Knowledge of the dynamic changes of the aortic valve (AV) annulus may aid in the sizing and design of transcatheter valve prostheses. We assessed AV annulus distention in patients without AV disease and with severe AV stenosis (AS) using computed tomography (CT).

METHODS:

Electrocardiogram-gated multislice CT scans of 15 patients without AV disease (age 53±12 years) and 20 patients with severe AS (age 81±6 years) were analyzed. Images in plane with the AV annulus were reconstructed for every 10% to 12.5% of the cardiac cycle. With the use of dedicated software the annulus was segmented. In all phases of the cardiac cycle the area was measured, as were the maximum radius (Rmax) and minimum radius (Rmin) of an ellipse fitted around the segmented lumen.
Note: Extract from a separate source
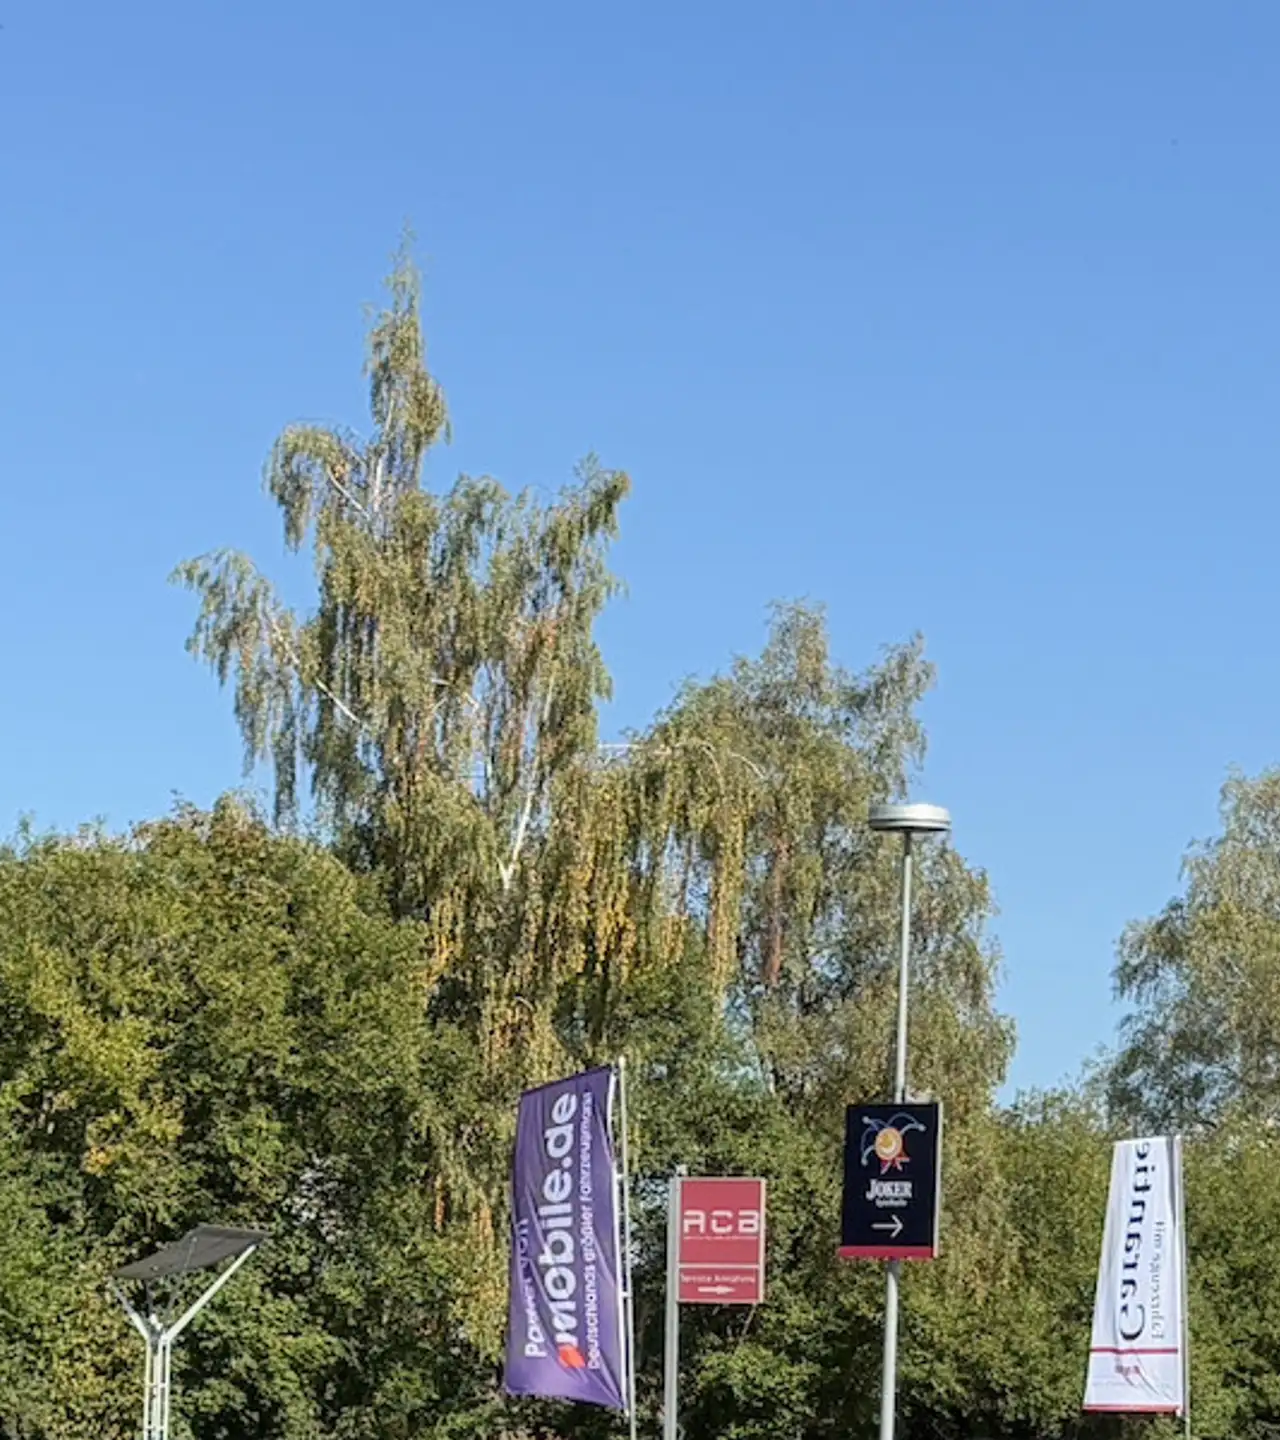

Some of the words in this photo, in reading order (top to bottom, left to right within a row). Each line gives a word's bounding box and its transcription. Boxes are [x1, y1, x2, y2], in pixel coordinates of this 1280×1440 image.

[538, 1092, 578, 1347] mobile.de
[864, 1178, 913, 1200] JOKER
[583, 1264, 601, 1370] Deutschlands
The asymmetry ratio was defined as Rmax/Rmin. Direct comparison of both groups was not possible because age and scan protocols were confounding factors.

RESULTS:

The mean change of the area, Rmax, and Rmin was 122±33 mm2, 1.8±0.7 mm, and 2.4±0.5 mm in the patients with nondiseased annulus and 98±52 mm2, 1.4±0.7 mm, and 1.9±0.8 mm in those with AS. The mean asymmetry ratio was 1.3±0.1, indicating an elliptic annulus. Both the asymmetry ratio and the area changed significantly over the cardiac cycle (p<0.001).

CONCLUSIONS:

With the use of CT and postprocessing software, significant area and radius changes during the cardiac cycle were demonstrated in both the nondiseased annulus and the stenotic annulus. This finding may help selection of the optimal size in patients undergoing AV implantation and also aid in prosthesis design.